Surprisingly low levels of Vitamin D in Cyclists

There is growing evidence that for athletes, being replete in vitamin D is important for many key areas of health and performance. For bone health, muscle strength and to support immune function.

Slide1

At the recent International Association of Dance Medicine conference, in addition to presenting on Dance Endocrinology I also took part in a “duel” on vitamin D to argue the case for vitamin D supplementation, in dance/athletic populations. In fact Vitamin D is a type of steroid hormone. An article in BJSM discussed the synergistic action of steroid hormones, in particular vitamin D and the sex steroids. In dancers who train in studios inside, away from the sun then there is evidence that levels of vitamin D can become low, particularly during winter months. Supplementing with vitamin D in these elite female dancers reduced injuries and significantly improved muscle strength and jump height.

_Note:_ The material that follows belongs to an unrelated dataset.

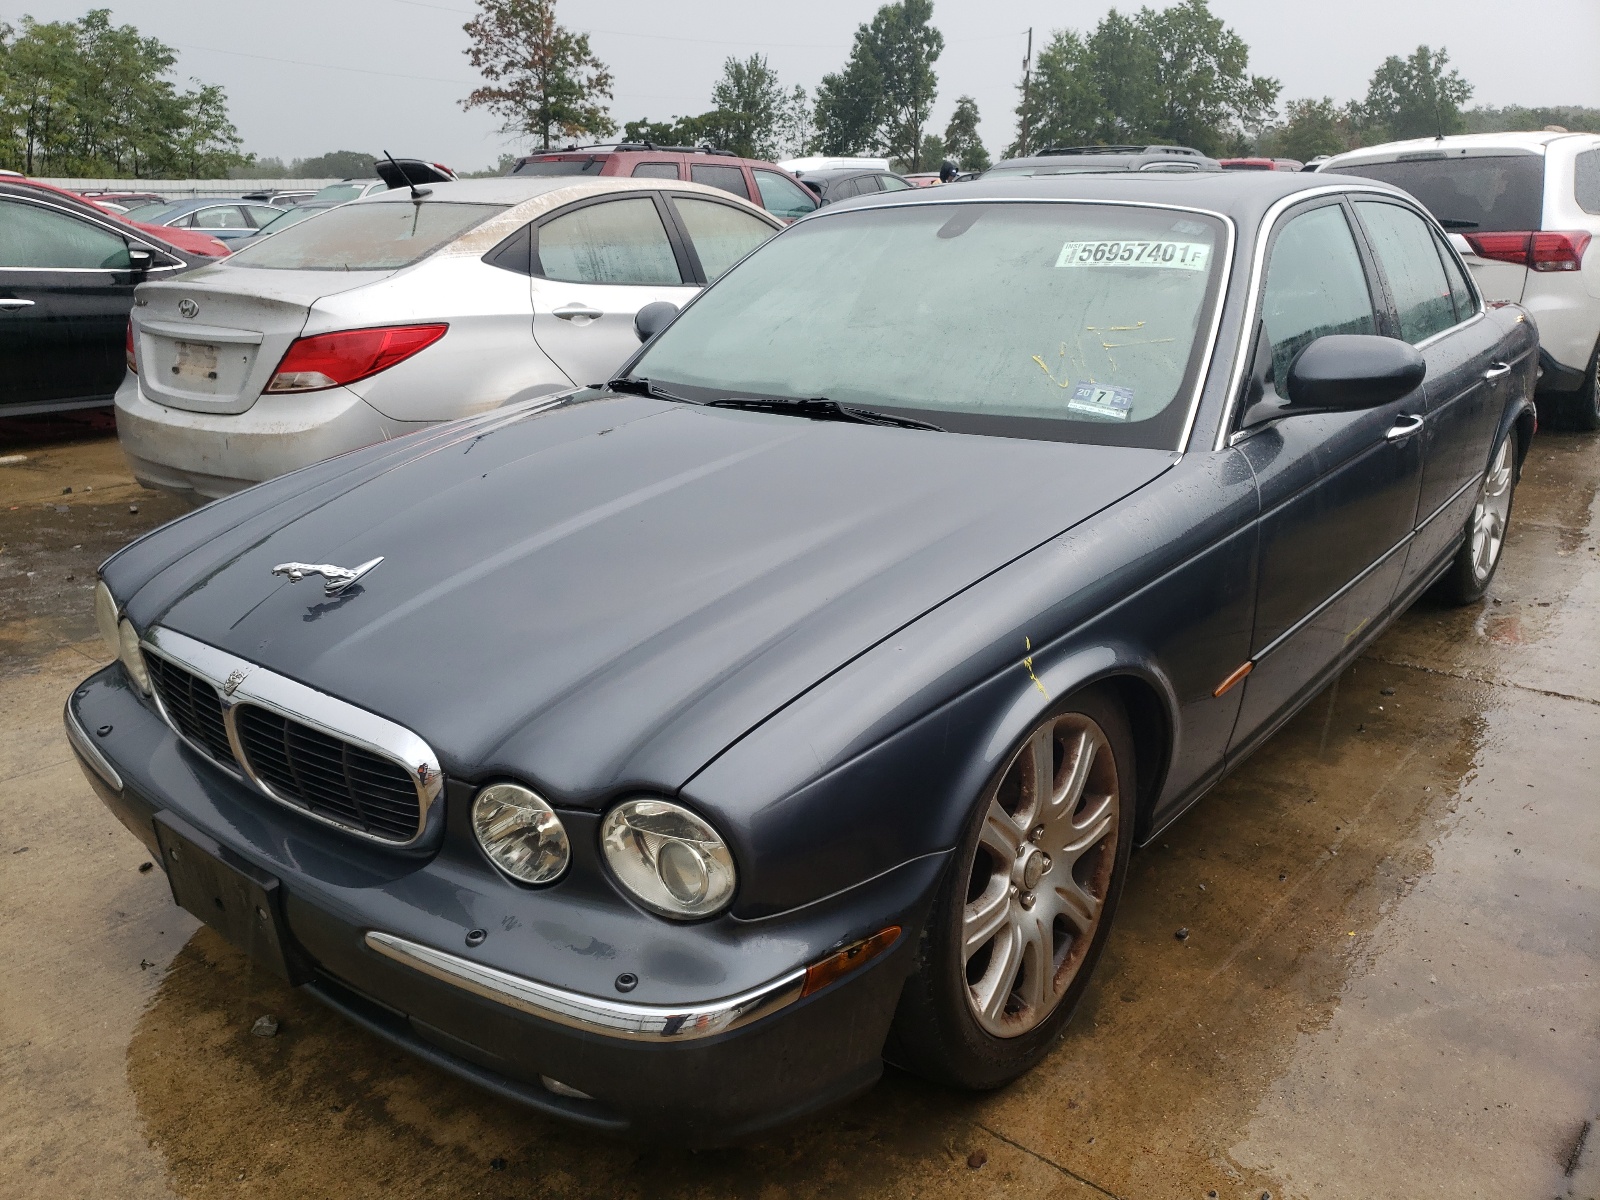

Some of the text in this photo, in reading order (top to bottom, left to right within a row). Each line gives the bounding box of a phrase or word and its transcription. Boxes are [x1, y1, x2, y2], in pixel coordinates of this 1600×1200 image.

What about athletes that train outside? What about male athletes? You might think that competitive road cyclists would benefit from plenty of time spent outside and that vitamin D levels would be close to athlete recommended level of 90 nmol/L. However, in our recent study of 50 competitive male road cyclists, the majority had low athlete levels of vitamin D. Even some cyclists who reported taking supplementation for this vitamin were found to have low levels, reflecting variations and uncertainties in what dose to take. Conversely some riders taking supplementation had levels that were well above recommended athlete levels. More is not necessarily better in this situation and very high levels can lead to toxicity.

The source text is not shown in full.